I would liken this week to going to a gig which you know will either be a seminal moment in your life or a crushing disappointment. For example, I saw Bright Eyes play a mesmeric, astonishing set in Leeds yet when I saw them just a few months later at Glastonbury they were so abysmal I had to leave halfway through. Football finals have a similar hold over the emotions; for every Liverpool ’96 or Bayern Munich’99 there is the very real possibility of an Everton ’95 or a Barcelona ’09. I’ve always considered it preferential to lose in the semi-final rather than be the gallant runner-up. A loss in a final is horrendous – I’m reminded of Ferguson’s words at half-time at Camp Nou when he warned the players that they would have to walk past the trophy but couldn’t touch it unless they turned the game around. We are so close to sealing the most incredible season yet equally close to the abiding memory of a remarkable season being one of misery.
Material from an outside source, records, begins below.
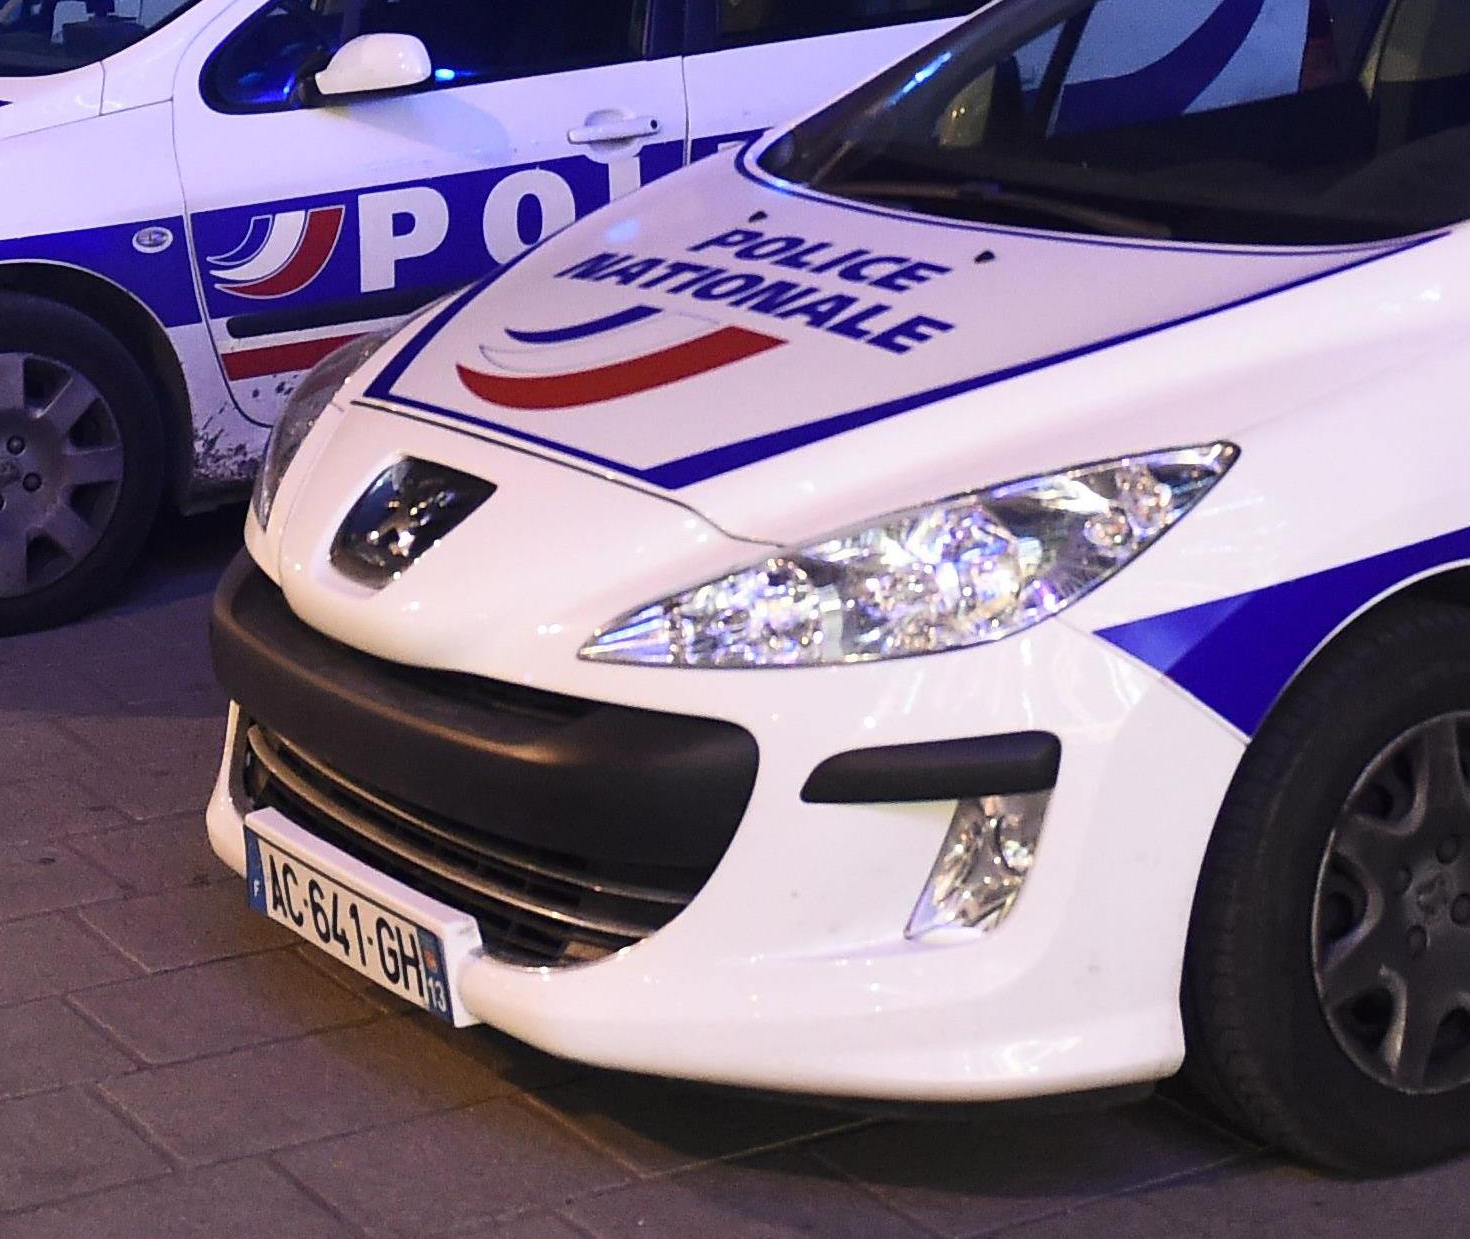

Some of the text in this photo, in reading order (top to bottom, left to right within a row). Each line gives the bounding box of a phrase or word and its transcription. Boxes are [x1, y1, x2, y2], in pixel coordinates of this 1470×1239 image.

[686, 228, 953, 292] POLICE
[554, 252, 957, 355] NATIONALE
[427, 976, 447, 1012] 13
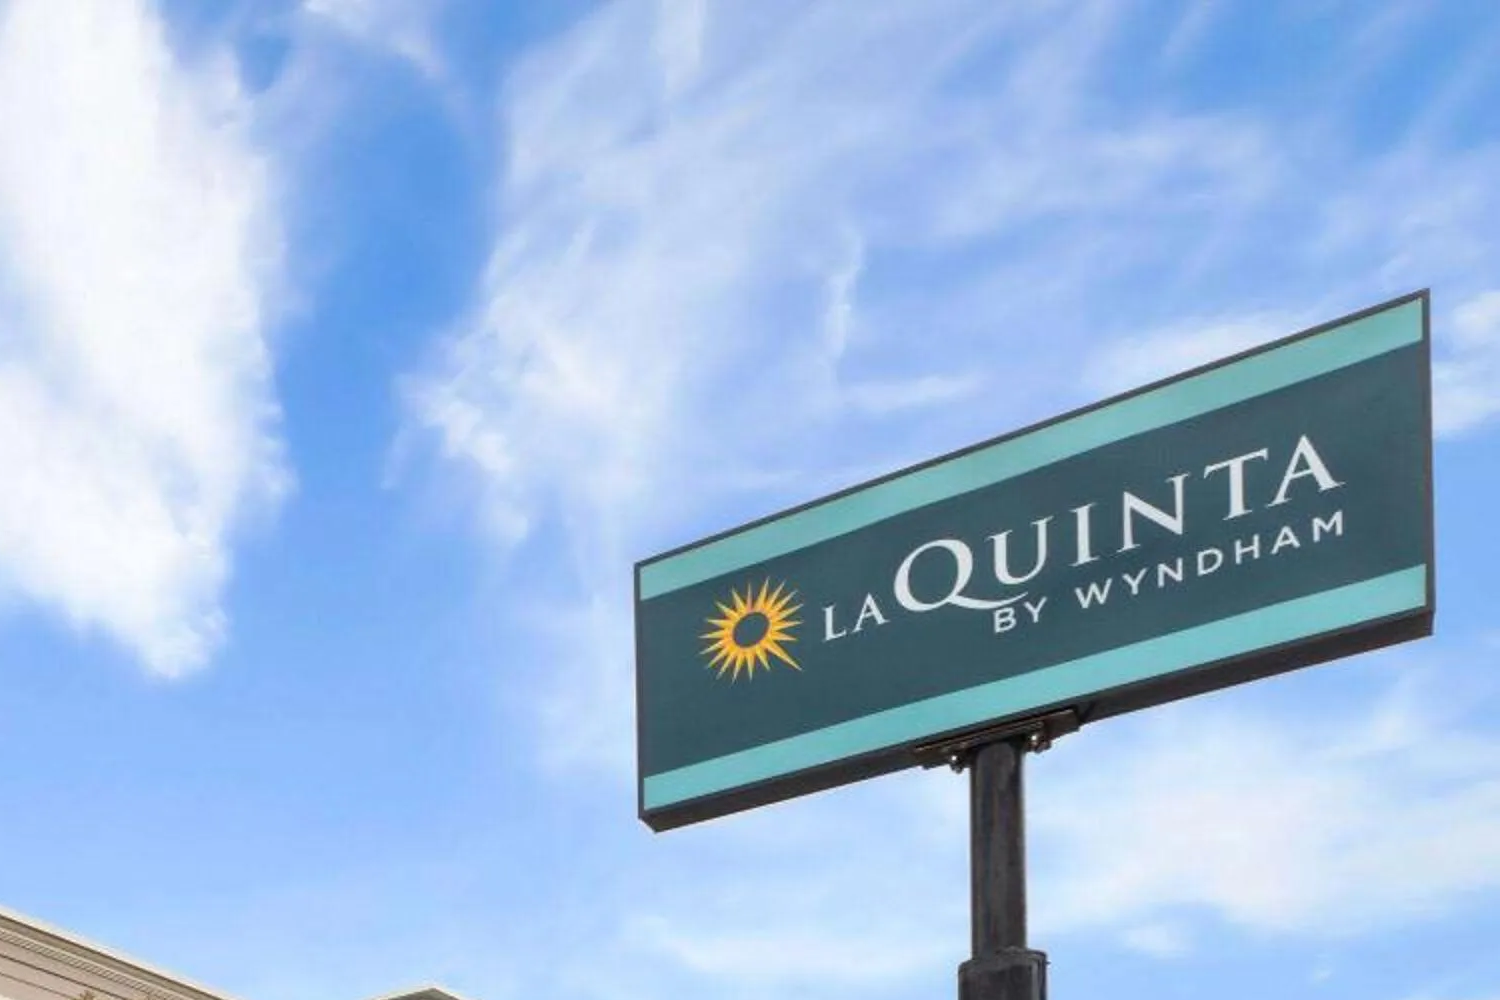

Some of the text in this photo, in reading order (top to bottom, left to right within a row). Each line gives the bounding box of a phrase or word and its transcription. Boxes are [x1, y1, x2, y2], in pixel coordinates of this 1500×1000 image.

[822, 434, 1347, 642] LA QUINTA
[993, 510, 1344, 634] BY WYNDHAM
So how do you spend a week that you know will end in euphoria or dejection?
Tuesday offered the welcome distraction of Neville’s testimonial. It was with great joy that I wrapped myself in a warm blanket of nostalgia. Beckham, Butt, Scholes, Giggs lining up brought a lump to the throat yet by the same token the natural linkage of those players and glories past amplified my longing to experience that triumphant rush again. Thanks to this very blog reminiscing about trophy parades I was transported back to the glorious treble and it was both comforting and unsettling in equal measure.
Wednesday’s main event was the annual Staff Vs Sixth Form Leavers’ match which again brought a welcome distraction; yet even this comic traditional fixture brought nostalgia of ’99 as we stole a draw with a last gasp goal. The standard of that game could not have been further from the European Cup final – it barely resembled the same sport – yet in the emotional turmoil of this week in my mind linkage was logical.
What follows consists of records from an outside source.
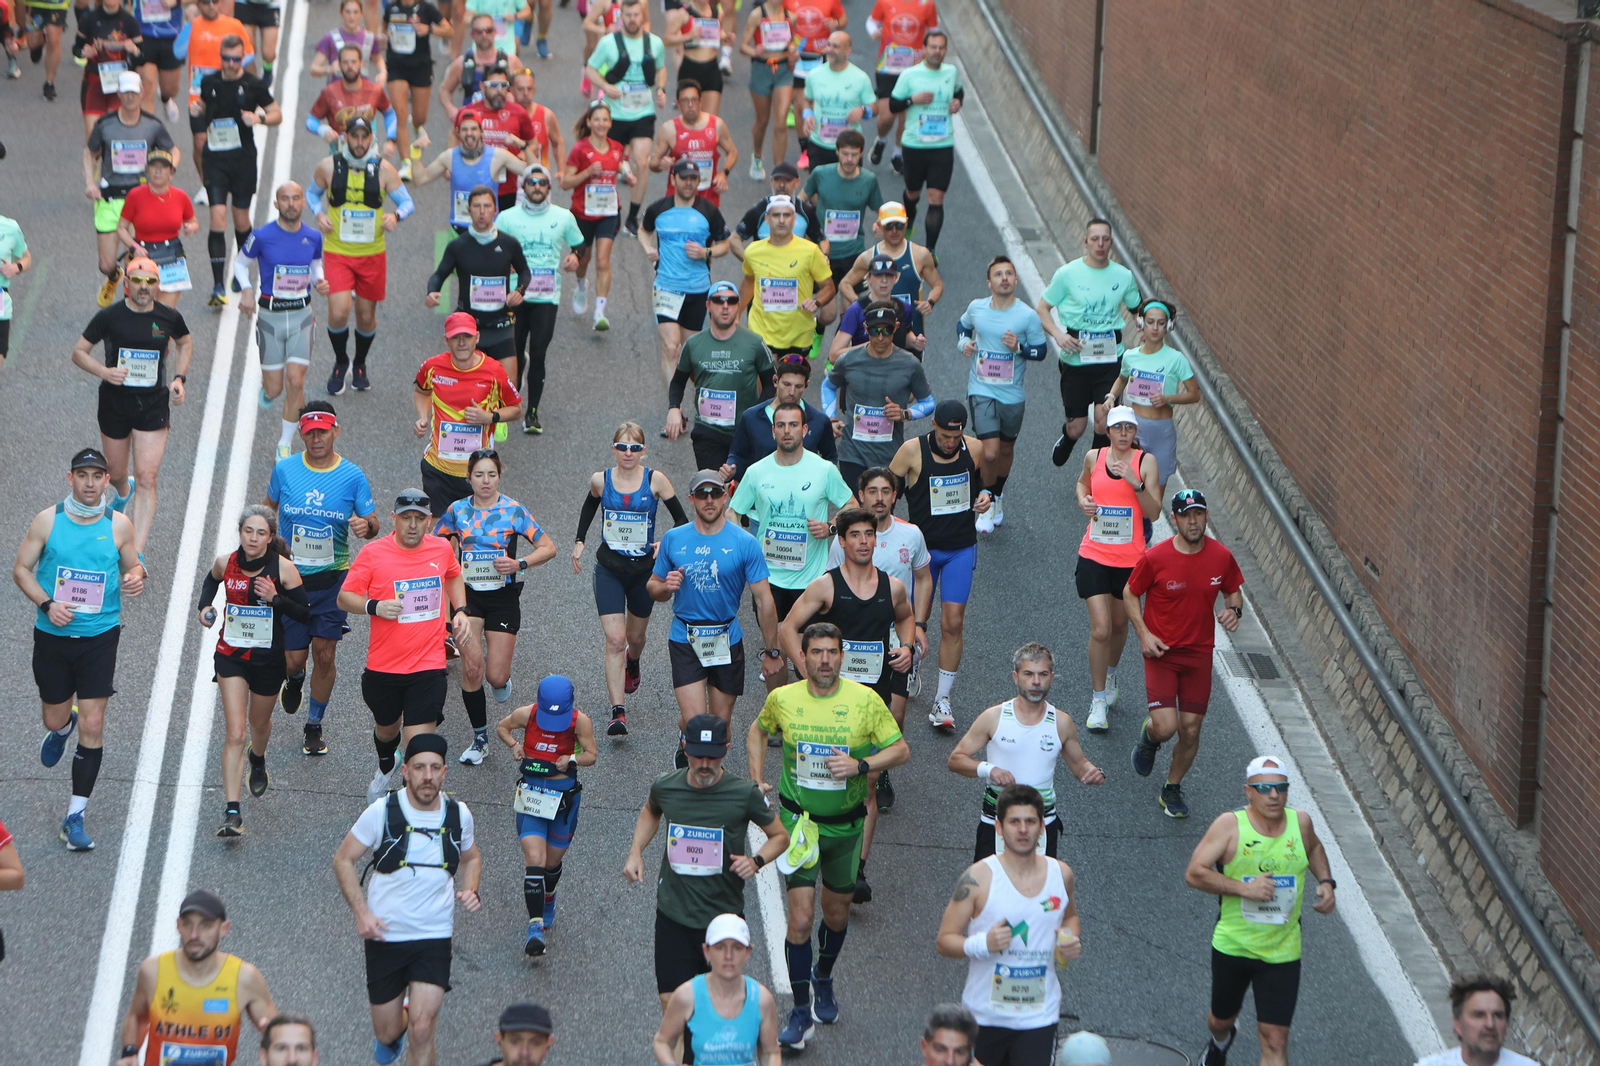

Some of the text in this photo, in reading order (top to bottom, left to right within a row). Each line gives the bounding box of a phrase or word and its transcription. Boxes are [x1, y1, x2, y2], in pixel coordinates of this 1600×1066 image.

[484, 277, 503, 285] ZURICH
[273, 300, 303, 308] WONG
[133, 352, 155, 360] ZURICH
[989, 352, 1010, 361] ZURICH
[1140, 372, 1161, 381] ZURICH
[710, 392, 731, 400] ZURICH
[945, 476, 966, 485] ZURICH
[284, 503, 345, 520] GranCanaria
[619, 514, 643, 522] ZURICH
[768, 521, 805, 530] SEVILLA'24
[307, 530, 328, 538] ZURICH
[618, 526, 632, 534] 9273
[778, 533, 802, 541] ZURICH
[695, 545, 711, 555] edp
[776, 545, 793, 553] 10004
[475, 566, 490, 574] 9125
[74, 572, 101, 582] ZURICH
[411, 579, 436, 588] ZURICH
[72, 586, 88, 594] 8186
[72, 595, 87, 603] BEAN
[413, 595, 428, 603] 7475
[241, 608, 267, 616] ZURICH
[241, 622, 256, 630] 9532
[242, 631, 254, 639] TERE
[851, 657, 867, 665] 9985
[847, 665, 869, 673] IGNACIO
[526, 797, 542, 806] 9302
[687, 830, 715, 839] ZURICH
[686, 845, 703, 854] 8020
[155, 1020, 233, 1039] ATHLE 91
[184, 1049, 219, 1060] ZURICH
Thursday saw me enter an angry phase of anxiety. Students were over-zealously disciplined for minor infringements, innocent fellow Reds were castigated on twitter for the grievous sin of omitting Carrick from their starting line up, and worst of all some so-called pundits actually dared to suggest we might win. I have no issue with journalists writing us off. A Daily Mail article promoting supporting Barcelona over ‘Bully’ Ferguson was a therapeutic few minutes. Yes please everyone, write us off. Let me kid myself that I would be content with a decent showing. Let me live the lie denying the fact that though my brain tells me we shouldn’t win my heart is unwilling to contemplate anything else.
I woke up today and checked my twitter (I know, utter geek) and the first tweet I read from @R_O_M was ‘Oh God. It’s tomorrow.’ That articulately encapsulated my attitude with characters to spare. In between bidding farewell to tearful students I have pretty much read anything that has been committed to the internet on tomorrow’s game in a forlorn hope that some how by being very well-informed I can reduce my own anxiety and in some way retake control of my emotions.
Who am I kidding? Tomorrow will be even worse. Kick off cannot come soon enough!